In order to follow up on the discussion after presentation, there is a set of questions to be answered by the experiments and sites/federations. Mind: we will have to see what is feasible to be implemented beyond what we already have in MONIT today.
- Retention policy. Proposed compromise is the following:
- 1 year detailed history, with the possibility to transparently navigate to a log file of a particular test. Is it good enough?
- ALICE
- ATLAS
- CMS
- yes, assuming data in HDFS is available similarly/with a dashboard to easily query data for a non-expert
- LHCb
- 1 year of detailed history should be OK, as this is mostly used to solve current issues.
- Sites/Federations
- As CBPF site and NGI(Latin America) manager I believe 1 year detailed data should be enough.
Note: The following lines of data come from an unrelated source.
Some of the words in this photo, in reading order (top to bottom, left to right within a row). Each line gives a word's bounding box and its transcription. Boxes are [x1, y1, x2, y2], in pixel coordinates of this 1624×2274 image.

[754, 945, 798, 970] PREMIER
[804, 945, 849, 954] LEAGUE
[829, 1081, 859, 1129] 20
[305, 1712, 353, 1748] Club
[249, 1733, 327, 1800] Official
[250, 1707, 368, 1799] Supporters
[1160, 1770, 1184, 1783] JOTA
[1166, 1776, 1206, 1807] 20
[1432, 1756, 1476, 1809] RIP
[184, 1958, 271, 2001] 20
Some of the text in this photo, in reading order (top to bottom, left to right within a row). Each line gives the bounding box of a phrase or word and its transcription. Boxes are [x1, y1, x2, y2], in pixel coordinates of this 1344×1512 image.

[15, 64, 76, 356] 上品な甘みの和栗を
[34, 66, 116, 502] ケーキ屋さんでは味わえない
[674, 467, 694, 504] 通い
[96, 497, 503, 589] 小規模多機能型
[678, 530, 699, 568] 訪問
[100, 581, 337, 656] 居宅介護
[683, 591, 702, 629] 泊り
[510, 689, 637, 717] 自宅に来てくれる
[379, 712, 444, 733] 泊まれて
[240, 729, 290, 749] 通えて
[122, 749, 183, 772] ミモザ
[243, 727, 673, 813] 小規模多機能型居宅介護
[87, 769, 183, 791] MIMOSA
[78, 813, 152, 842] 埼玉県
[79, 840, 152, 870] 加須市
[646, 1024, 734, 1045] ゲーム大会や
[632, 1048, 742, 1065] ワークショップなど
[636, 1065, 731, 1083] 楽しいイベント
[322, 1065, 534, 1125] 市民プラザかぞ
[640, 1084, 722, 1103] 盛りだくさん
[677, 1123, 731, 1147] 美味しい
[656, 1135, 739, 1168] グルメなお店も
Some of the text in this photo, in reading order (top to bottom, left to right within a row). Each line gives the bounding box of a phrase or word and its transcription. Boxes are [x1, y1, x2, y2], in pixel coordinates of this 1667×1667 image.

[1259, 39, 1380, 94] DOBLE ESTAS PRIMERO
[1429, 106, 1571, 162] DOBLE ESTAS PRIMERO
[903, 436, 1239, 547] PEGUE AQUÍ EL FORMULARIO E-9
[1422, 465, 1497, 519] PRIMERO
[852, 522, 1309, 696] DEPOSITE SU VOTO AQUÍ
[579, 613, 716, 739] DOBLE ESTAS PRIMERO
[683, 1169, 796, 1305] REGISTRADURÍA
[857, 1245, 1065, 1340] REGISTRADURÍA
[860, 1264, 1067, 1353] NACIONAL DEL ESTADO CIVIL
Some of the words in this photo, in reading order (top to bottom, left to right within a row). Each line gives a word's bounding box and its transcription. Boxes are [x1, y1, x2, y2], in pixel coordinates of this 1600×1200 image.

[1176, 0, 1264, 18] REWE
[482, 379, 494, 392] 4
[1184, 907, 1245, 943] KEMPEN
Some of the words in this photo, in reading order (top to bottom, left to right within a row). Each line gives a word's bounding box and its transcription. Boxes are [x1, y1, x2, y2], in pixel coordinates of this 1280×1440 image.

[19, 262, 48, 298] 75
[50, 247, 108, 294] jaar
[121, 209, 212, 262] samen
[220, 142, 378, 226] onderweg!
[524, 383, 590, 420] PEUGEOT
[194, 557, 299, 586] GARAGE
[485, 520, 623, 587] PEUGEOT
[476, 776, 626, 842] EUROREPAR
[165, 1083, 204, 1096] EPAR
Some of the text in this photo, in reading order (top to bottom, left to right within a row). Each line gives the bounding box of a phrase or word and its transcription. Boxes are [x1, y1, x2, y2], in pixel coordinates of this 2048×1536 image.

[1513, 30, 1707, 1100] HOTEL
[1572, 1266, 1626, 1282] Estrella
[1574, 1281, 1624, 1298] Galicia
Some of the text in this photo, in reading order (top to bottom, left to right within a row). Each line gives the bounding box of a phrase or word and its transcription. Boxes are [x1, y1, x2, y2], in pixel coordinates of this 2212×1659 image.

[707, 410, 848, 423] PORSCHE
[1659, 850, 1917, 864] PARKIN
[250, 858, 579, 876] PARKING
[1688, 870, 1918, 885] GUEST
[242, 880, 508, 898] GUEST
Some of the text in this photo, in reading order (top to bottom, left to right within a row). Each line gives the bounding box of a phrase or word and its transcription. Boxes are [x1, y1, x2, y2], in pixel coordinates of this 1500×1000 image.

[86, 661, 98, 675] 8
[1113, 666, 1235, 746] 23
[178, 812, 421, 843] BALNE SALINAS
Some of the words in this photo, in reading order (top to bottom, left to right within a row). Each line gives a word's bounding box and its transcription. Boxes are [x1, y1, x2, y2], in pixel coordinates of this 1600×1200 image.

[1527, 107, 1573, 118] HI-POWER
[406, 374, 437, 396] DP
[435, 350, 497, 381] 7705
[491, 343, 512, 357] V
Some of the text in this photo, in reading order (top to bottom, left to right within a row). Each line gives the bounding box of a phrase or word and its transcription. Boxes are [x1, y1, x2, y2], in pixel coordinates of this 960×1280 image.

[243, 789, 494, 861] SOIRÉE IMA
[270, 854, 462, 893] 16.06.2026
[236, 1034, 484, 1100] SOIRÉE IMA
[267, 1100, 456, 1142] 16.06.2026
As you know it's important to justify investments (and ask for more;)
- For how long daily summaries should be available ?
- ALICE
- ATLAS
- CMS
- indefinitely, except if daily site/element status/availability/reliability can be easily obtained from HDFS by a non-expert
- LHCb
- We think, similar as CMS, that it should be stored indefinitely, especially if the data itself is small.
- Sites/Federations
- As CBPF site and NGI(Latin America) manager I believe it's important to have it for "several" years, depending on the data size.
- For analysis of the long term statistics data should be available on HDFS. For how long?
- ALICE
- ATLAS
- CMS
- LHCb
- Sites/Federations
- Anything else?
- ALICE
- ATLAS
- CMS
- simplicity, fewer retention categories ==> less confusion
- LHCb
- Simple as possible in order to retrieve site data
- Sites/Federations
- Are the HTML A/R reports needed?
- Their images take up a lot of inodes and disk space. Are they important for something or can we stop providing them?
- ALICE
- ATLAS
- We guess no. But this is a site/federation question/issue.
- CMS
- we believe only PDF version is used
- LHCb
- Sites/Federations
- As CBPF site and NGI(Latin America) manager I believe HTML is not necessary. I would keep the others.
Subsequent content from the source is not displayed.